I was asked by Joanne Carter at The App Whisperer to select my top 5 apps and explain why each one was on my list. Here’s what I wrote.

I’ve covered over 150 apps since I started writing tutorials back in November of 2012. I might have another 150 that I haven’t written about. So how am I supposed to pick just five of them?

The fact that there are so many apps to choose from is a good thing. That doesn’t mean that they are all good apps. As the number of available apps grows, however, the number of really good apps grows also. Even if only one out of ten apps are worthwhile, that still means I have thirty apps worthy of consideration for “top five’.

I do have several apps that I use on a regular basis. These apps form my core, the ones that are versatile enough that I can perform many tasks easily. If an app is too specialized, it might be a favorite, but I can’t call it a top five app. In no particular order:

Snapseed

Snapseed was an invaluable app when I first covered it over four years ago, and it has only improved. The ability to mask changes and step back through history has made it a go-to app, especially for final tweaks.
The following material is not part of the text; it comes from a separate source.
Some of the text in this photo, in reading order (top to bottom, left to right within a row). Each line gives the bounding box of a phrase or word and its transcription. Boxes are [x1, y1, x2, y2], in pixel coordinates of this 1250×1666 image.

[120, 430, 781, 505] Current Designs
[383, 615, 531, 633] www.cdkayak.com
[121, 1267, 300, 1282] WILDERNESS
I wanted to show a particular feature, and why it is so valuable to me: Vignette. I find a good vignette can help focus the viewer’s eyes on the subject, but I hate a heavy-handed vignette. Most apps merely darken the edges of an image, as in the picture on the right. But Snapseed does two great things with the vignette. It allows you to move the center of the vignette over the subject, and the vignette is applied in more of an Overlay blend mode rather than Multiply. Multiply darkens all underlying pixels indiscriminately, while Overlay darkens the lightest pixels less than the darkest. I prefer the Snapseed version, as shown on the left.

iColorama

Surprise! Not really, to anyone who has been baying attention to the number of tutorials I’ve written on this queen of mobile photography and art apps. It has a steep learning curve, but its treasure-trove of features and masking capabilities (including reusable masks) make this the one app that nearly all of my images go through. It is also my blending app of choice for combining apped images back with the original to bring back detail.
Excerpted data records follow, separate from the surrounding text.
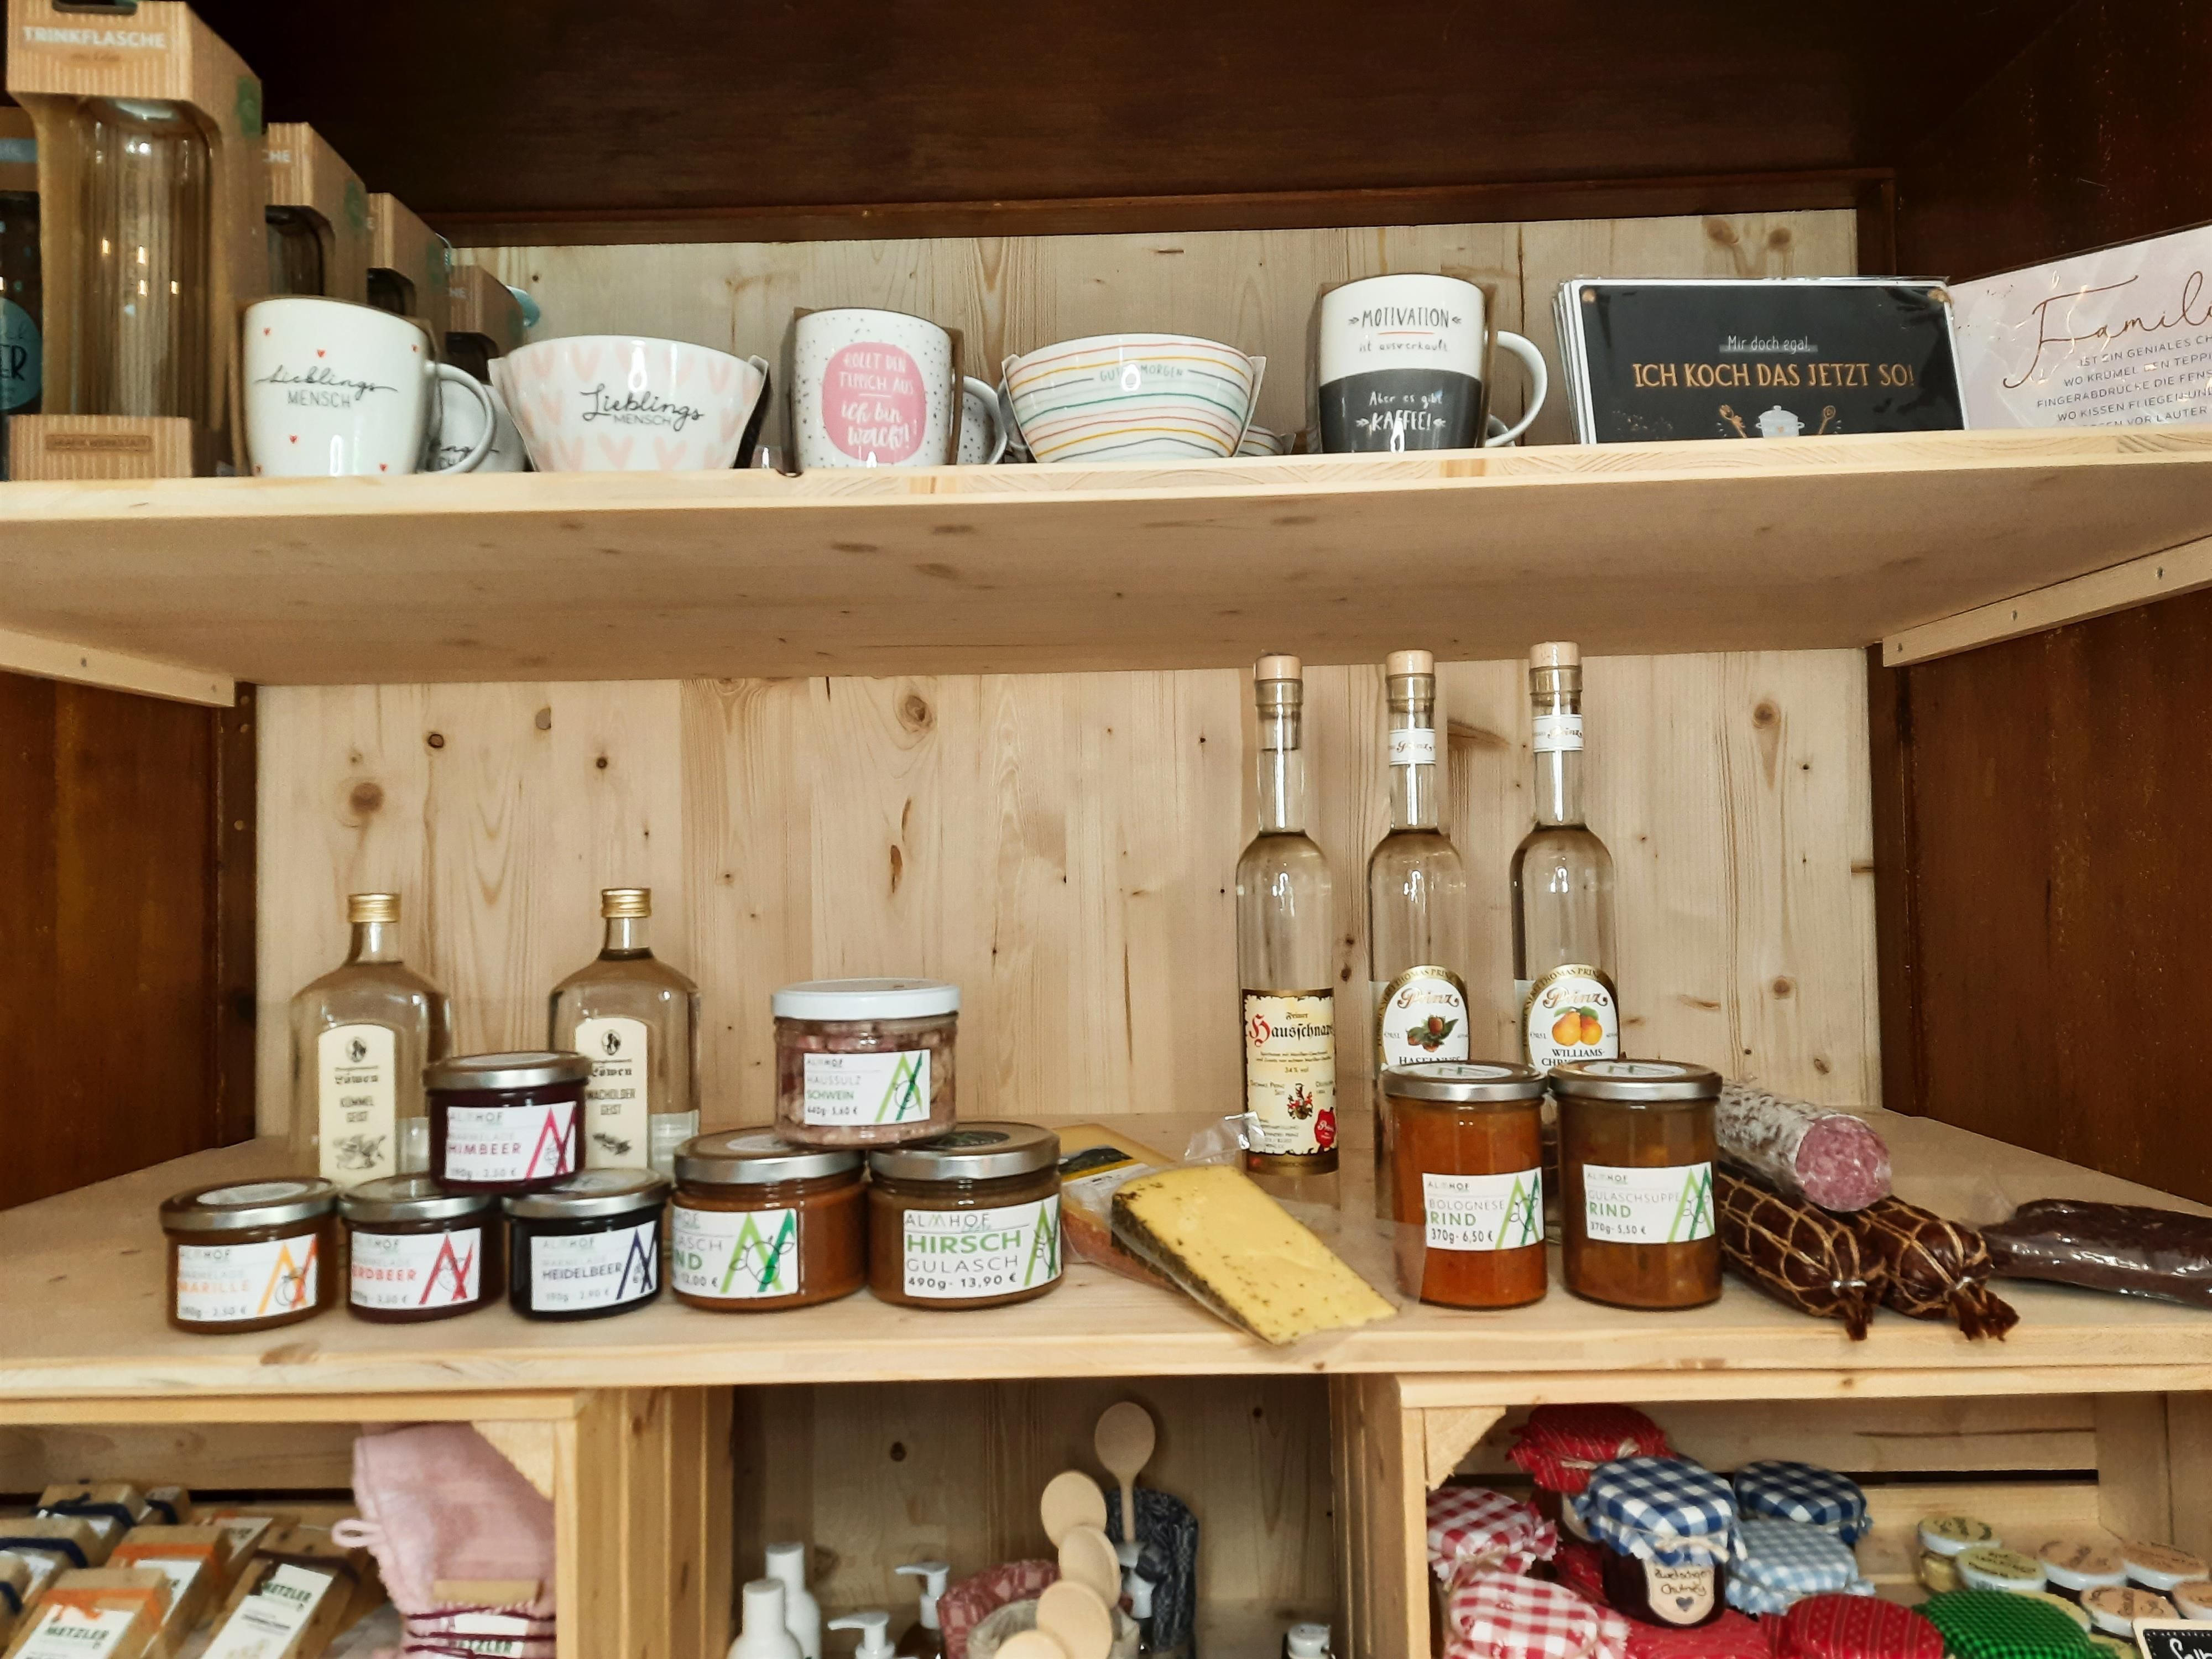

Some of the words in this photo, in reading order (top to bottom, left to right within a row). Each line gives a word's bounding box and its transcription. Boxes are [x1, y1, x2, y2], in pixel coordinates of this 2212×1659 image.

[23, 26, 165, 48] TRINKFLASCHE
[1361, 306, 1449, 328] MOTIVATION
[1359, 340, 1371, 352] ist
[1728, 335, 1747, 350] Mir
[1751, 335, 1779, 351] doch
[2127, 340, 2191, 358] GENIALES
[1140, 364, 1183, 378] MORGEN
[1632, 362, 1677, 387] ICH
[1684, 362, 1750, 388] KOCH
[1757, 362, 1801, 387] DAS
[1808, 362, 1870, 387] JETZT
[1879, 363, 1915, 387] SO!
[254, 364, 398, 401] Lieblings
[893, 377, 914, 394] AUS
[2064, 376, 2083, 387] WO
[2154, 376, 2174, 388] DIE
[288, 389, 351, 408] MENSCH
[1369, 390, 1396, 406] Aber
[1403, 394, 1415, 404] es
[1421, 391, 1443, 409] gibt
[580, 383, 705, 432] Lieblings
[841, 401, 869, 424] ich
[2057, 411, 2077, 422] WO
[2080, 401, 2125, 417] KISSEN
[2156, 406, 2208, 423] LAUTER
[614, 414, 672, 426] MENSCH
[1397, 987, 1459, 1009] Prinz
[1542, 987, 1608, 1009] Prinz
[807, 1089, 854, 1100] SCHWEIN
[448, 1142, 521, 1155] HIMBEER
[1429, 1198, 1504, 1211] BOLOGNESE
[1589, 1202, 1631, 1218] RIND
[905, 1212, 990, 1228] ALMHOF
[1430, 1211, 1477, 1227] RIND
[907, 1229, 1021, 1254] HIRSCH
[1463, 1230, 1484, 1244] 6,50
[542, 1262, 622, 1280] HEIDELBEER
[906, 1255, 1018, 1274] GULASCH
[961, 1275, 1003, 1288] 13,90
[1009, 1272, 1017, 1283] €
[46, 1626, 109, 1640] METZLER
Also, when I am creating an appstract, I often begin and end in iColorama. This appstract is called “Journeys End in Lovers Meeting”.

Stackables

I hate noise in photos, but a little bit of texture can’t hurt. Stackables is my texture app of choice, because it combines ease of use like Distressed FX, with a ton of modifiable textures, like Mextures. Add in the ability to do tilt-shift effects and masking, and you have a finishing app worthy of a top-five inclusion.

Brushstroke

There are many specialized “painting” apps out there, where the app does all the painting. I like to use them, since my brushing ability, like my sketching ability, is next to non-existent. Brushstroke offers the most varied and “realistic” painting that I have seen, at full resolution. Of course, if the result is too strong, you can always use them as part of a blend, as I did in “Putting Green”.

Leonardo/Affinity

Sooner or later, when working with images, you are going to want to layer images. You might want to create a collage, or be able to change eye color in a non-destructive manner (oh, I wanted blue instead of green). That’s why I wanted to include my favorite layering app.

Prior to June, when Affinity appeared, I did my layering in Leonardo. My example here is “Flashback to Hawaii”, where I layered a caricature made in Moment Cam onto my own “painted” image I captured on a visit last year. The masking, crucial in collage work, uses the code found in Superimpose, a terrific app on its own. Leonardo adds a ton of features to the basics of masking, making it a definite top five pick.

Affinity is a brand-new app, with tons of promise. The final image here, “Renaissance Lighting”, uses Affinity. But it is only available for iPad Pro users, so I can’t count it among my official top five at the moment.